Just killed an ant and I feel like for the sake of gender equality I need to kill an uncle now.
8: Can we have peanut butter sandwiches?
Me: No peanut butter allowed in the house. Daddy is allergic to peanuts
8: Can we buy some after he dies?
Me: Sure
This needs to be over soon because my husband is starting to realize I’m not out of his league.
If you haven’t met someone, don’t despair.
There are plenty of salmon in the cannon.
[before surgery]
doctor: we’re going to put you to sleep now. have you done this before?
me: yes, every night
Me: So, let me get this straight. It’s cute for the toddler to wear her flannel jammies to the grocery store but it’s embarrassing if I do it?
Husband: I have nothing to say. I knew what I was getting into when I married you.
I haven’t cried since 1997, when I saw the movie Armageddon and realised Ben Affleck was going to be a big movie star.
Cigarettes only give you cancer if you let them. It’s called science. Maybe you’d know more about it if you read as many Yahoo Answers as me
I wish I was poplar. No, that’s not a typo. I wish I was a tree.
ME: it’s horrible. I would wish it on my worst enemy
GUY: you mean *wouldn’t*
ME: hahahahahaha you’re sweet
gross i hate the word moist! give me a wet cake. give me a wet, damp cupcake
Waking up on Friday thinking it is Saturday is like getting a fake ID and learning it’s expired.

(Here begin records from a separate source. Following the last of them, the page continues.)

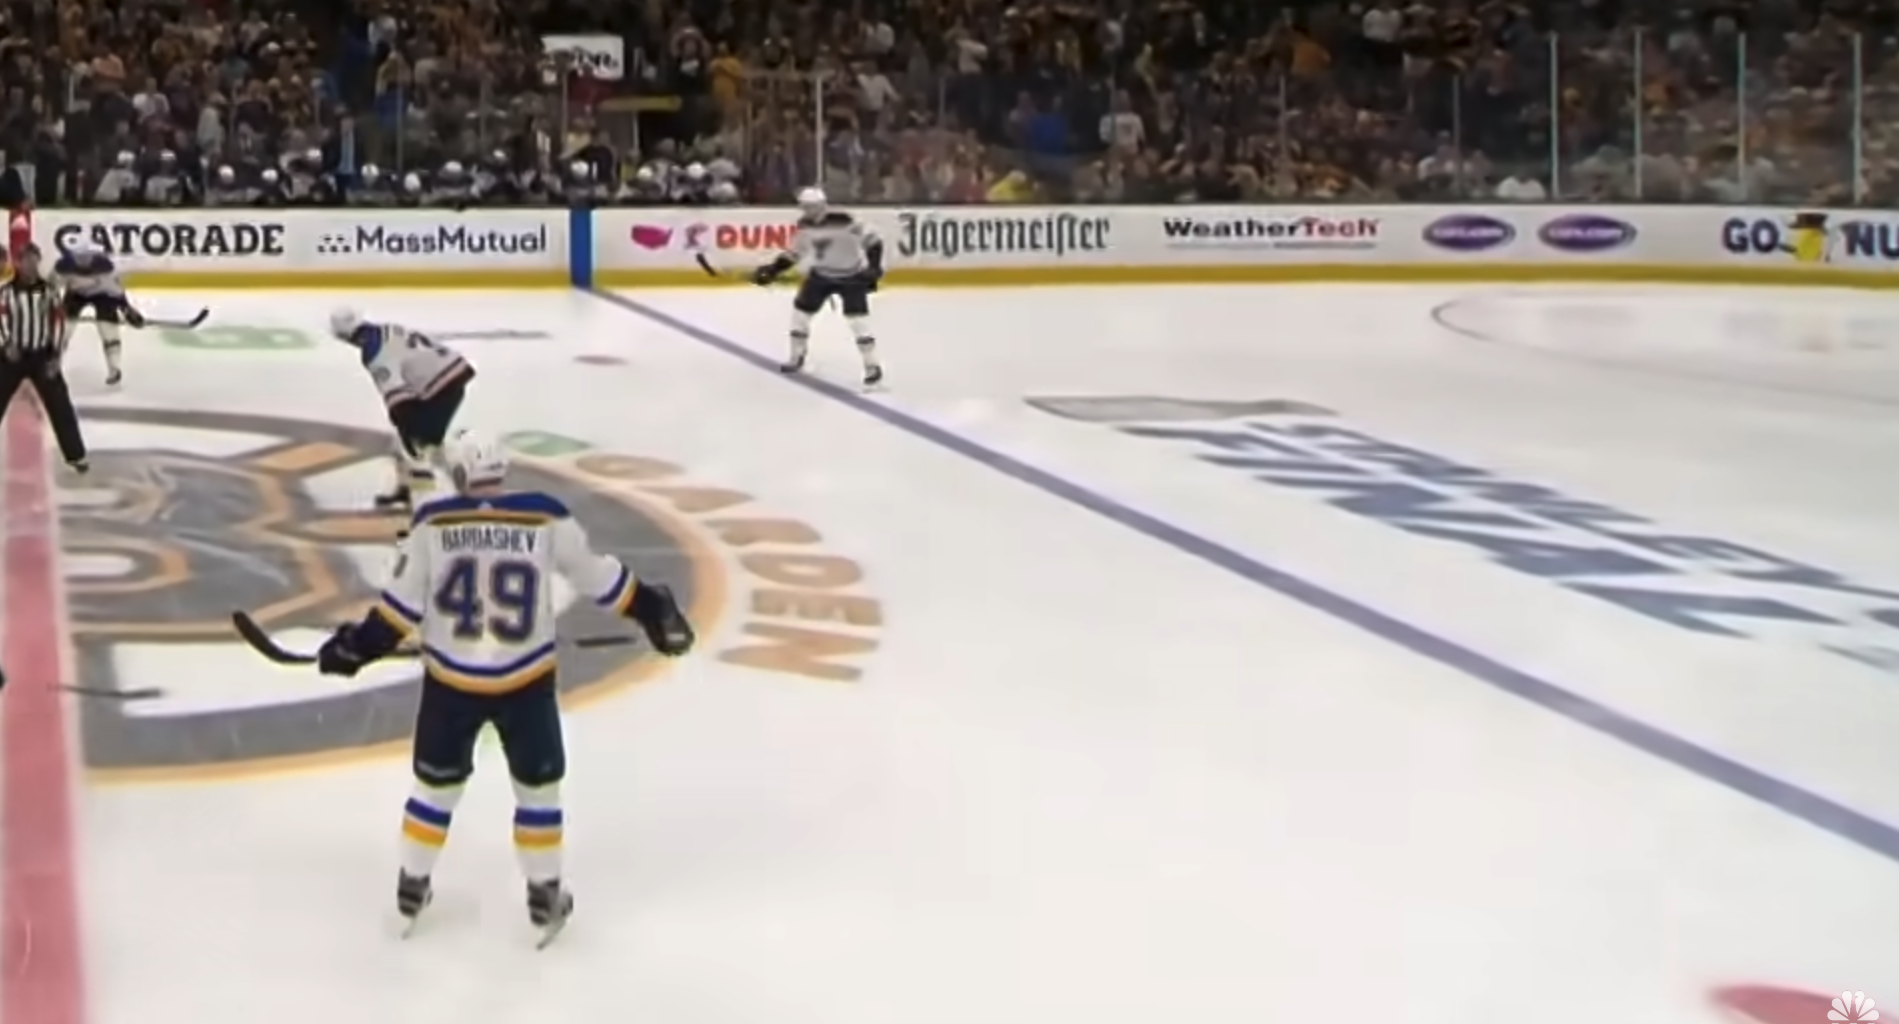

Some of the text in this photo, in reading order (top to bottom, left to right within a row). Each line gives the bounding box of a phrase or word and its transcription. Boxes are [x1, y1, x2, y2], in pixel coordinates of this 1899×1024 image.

[355, 223, 547, 254] MassMutual
[1164, 216, 1382, 237] WeatherTech
[1723, 218, 1779, 253] GO
[434, 557, 540, 643] 49
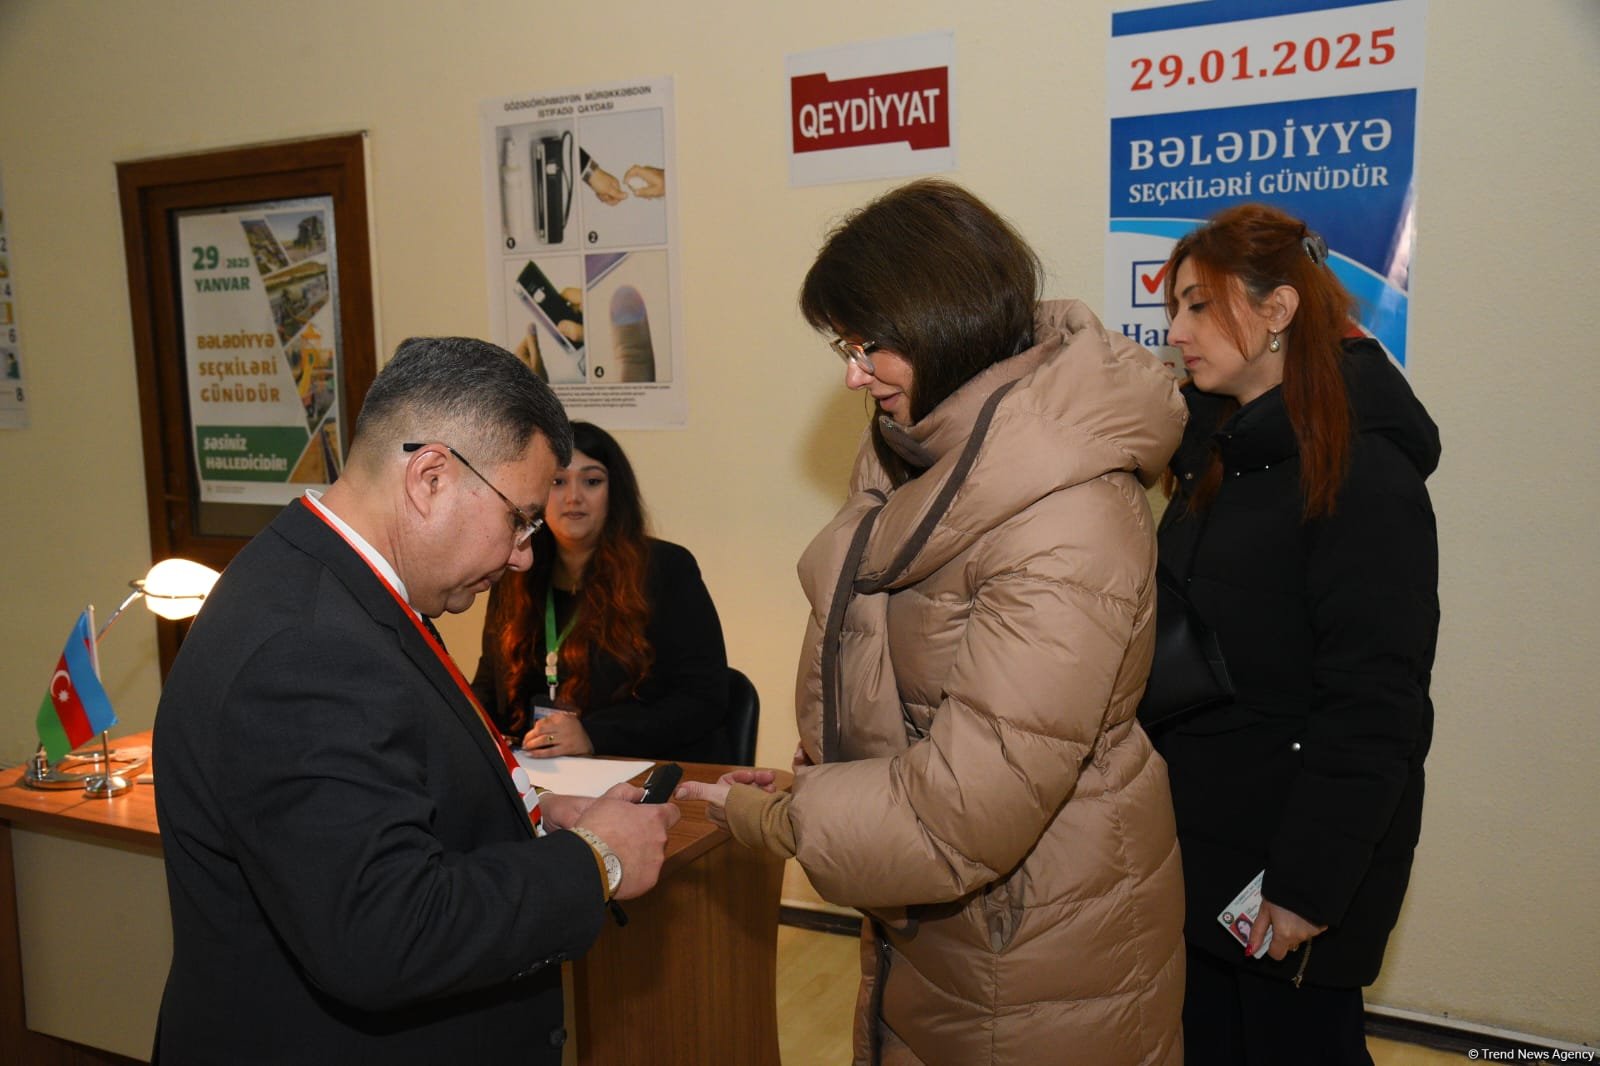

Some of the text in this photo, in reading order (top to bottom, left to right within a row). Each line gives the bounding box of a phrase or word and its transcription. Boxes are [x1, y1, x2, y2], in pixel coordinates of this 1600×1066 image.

[1130, 27, 1395, 91] 29.01.2025
[800, 88, 940, 139] QEYDİYYAT
[1129, 118, 1392, 170] BƏLƏDİYYƏ
[1129, 163, 1389, 206] SEÇKİLƏRİ GÜNÜDÜR
[191, 245, 250, 270] 29 2025
[194, 276, 250, 293] YANVAR
[197, 329, 275, 349] BƏLƏDİYYƏ
[198, 356, 278, 381] SEÇKİLƏRİ
[200, 383, 281, 403] GÜNÜDÜR
[203, 433, 248, 450] SƏSİNİZ
[206, 454, 288, 472] HƏLLEDİCİDİR!

Tell your household jumble of working & non working miscellaneous cables I said hi
How about a horror gameshow called “The Price is Right Behind You”

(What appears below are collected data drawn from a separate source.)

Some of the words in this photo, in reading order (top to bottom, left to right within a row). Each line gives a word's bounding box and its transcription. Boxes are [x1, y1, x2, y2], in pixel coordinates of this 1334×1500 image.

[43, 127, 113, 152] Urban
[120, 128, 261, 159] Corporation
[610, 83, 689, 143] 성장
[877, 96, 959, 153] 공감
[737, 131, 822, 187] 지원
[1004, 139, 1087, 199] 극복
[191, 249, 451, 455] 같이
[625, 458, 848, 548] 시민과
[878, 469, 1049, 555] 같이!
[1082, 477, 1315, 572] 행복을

Visitor: When will you tell us where you keep the unicorns? 🦄
Us: As soon as visitors stop feeding squirrels and taking dangerous selfies with bison, we’ll let you know where the horses with giant spikes on their heads roam.
*stomps feet during a tantrum, reaches fitbit step goal*
imagining a gas station in the 1800s but it’s guys parking their horses as they eat some grain and the guys complain about the price of the grains
I’ve had a lot more interest from women since I’ve been forced to wear a mask and I don’t know how to feel about that.